#### [Provided material]
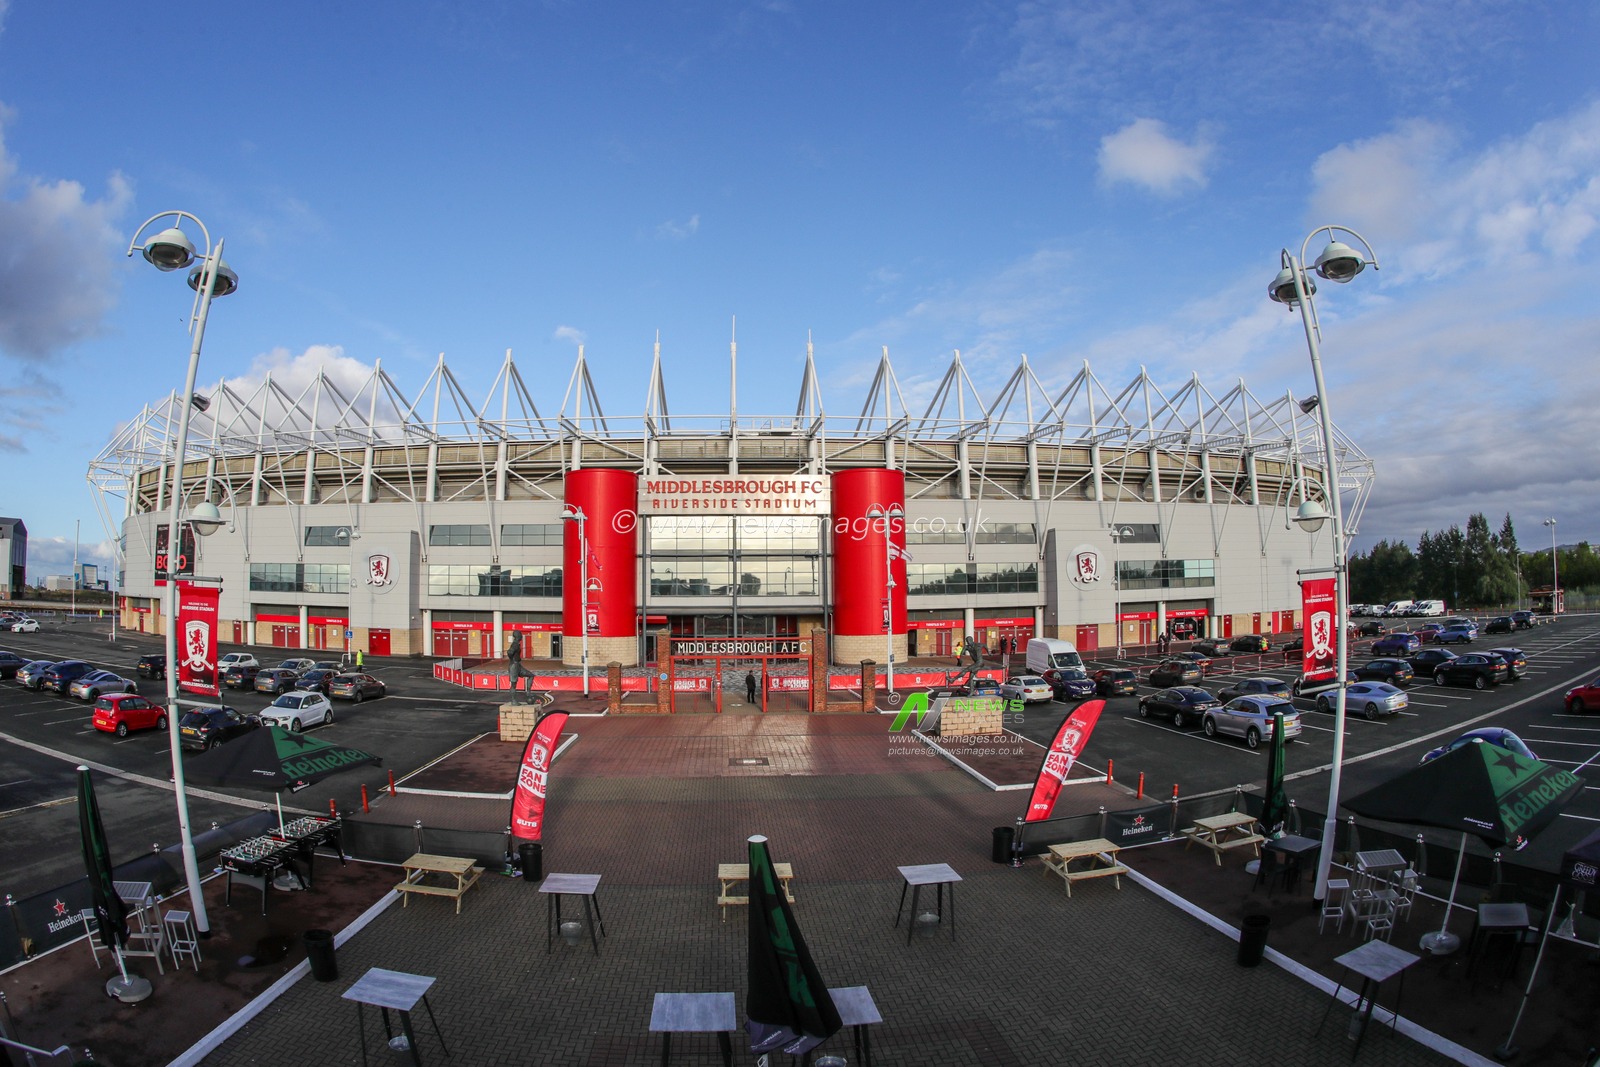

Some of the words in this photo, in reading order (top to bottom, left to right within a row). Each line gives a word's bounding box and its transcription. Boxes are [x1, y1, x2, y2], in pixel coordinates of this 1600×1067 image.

[647, 480, 796, 494] MIDDLESBROUGH
[801, 480, 823, 494] FC
[652, 498, 738, 509] RIVERSIDE
[745, 498, 817, 509] STADIUM
[677, 642, 772, 654] MIDDLESBROUGH
[781, 641, 807, 653] AFC
[1048, 754, 1069, 766] FAN
[522, 768, 542, 784] FAN
[1045, 760, 1069, 777] ZONE
[520, 775, 547, 794] ZONE
[1499, 770, 1580, 833] Heineken
[1122, 824, 1153, 836] Heineken
[48, 911, 83, 934] Heineken
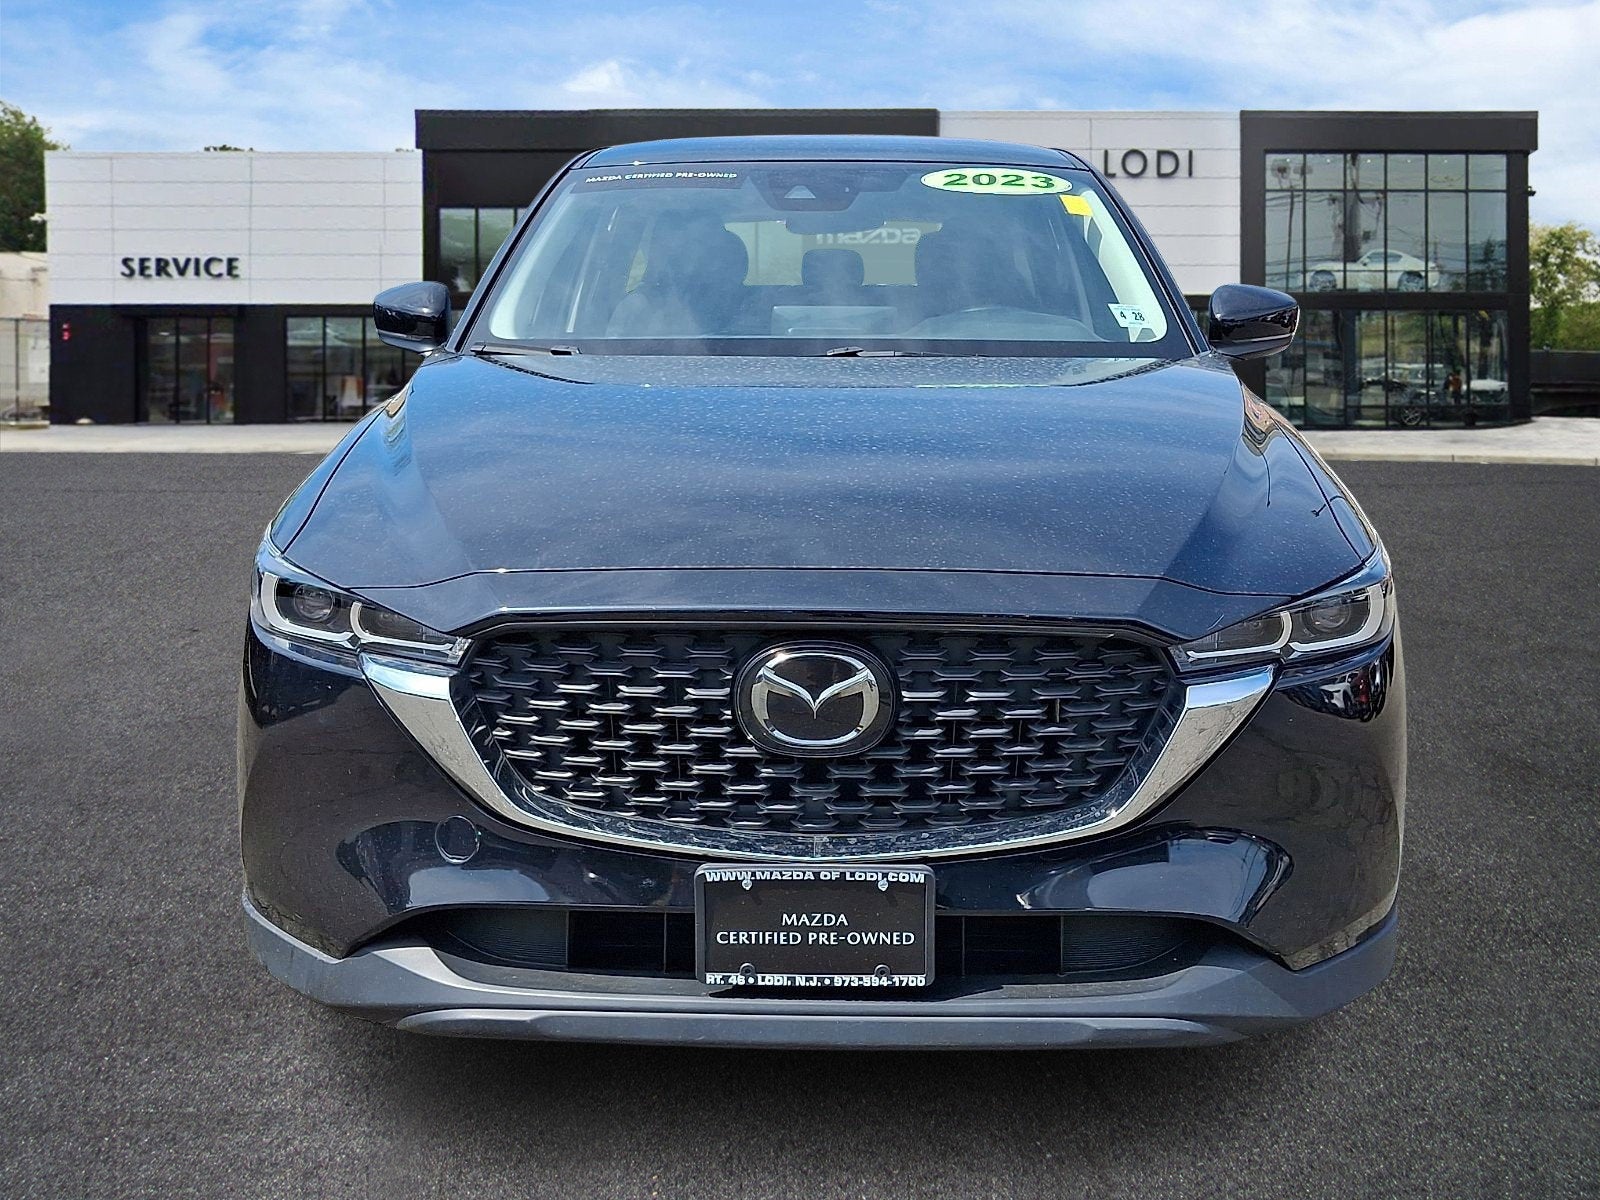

#### [What this task involves]
Pictures are not part of the copy. Please reproduce the material word for word.

#### [Answer below]
Some of the words in this photo, in reading order (top to bottom, left to right within a row). Each line gives a word's bounding box and its transcription. Boxes are [x1, y1, x2, y2], in pixel coordinates of this 1600×1067 image.

[647, 480, 796, 494] MIDDLESBROUGH
[801, 480, 823, 494] FC
[652, 498, 738, 509] RIVERSIDE
[745, 498, 817, 509] STADIUM
[677, 642, 772, 654] MIDDLESBROUGH
[781, 641, 807, 653] AFC
[1048, 754, 1069, 766] FAN
[522, 768, 542, 784] FAN
[1045, 760, 1069, 777] ZONE
[520, 775, 547, 794] ZONE
[1499, 770, 1580, 833] Heineken
[1122, 824, 1153, 836] Heineken
[48, 911, 83, 934] Heineken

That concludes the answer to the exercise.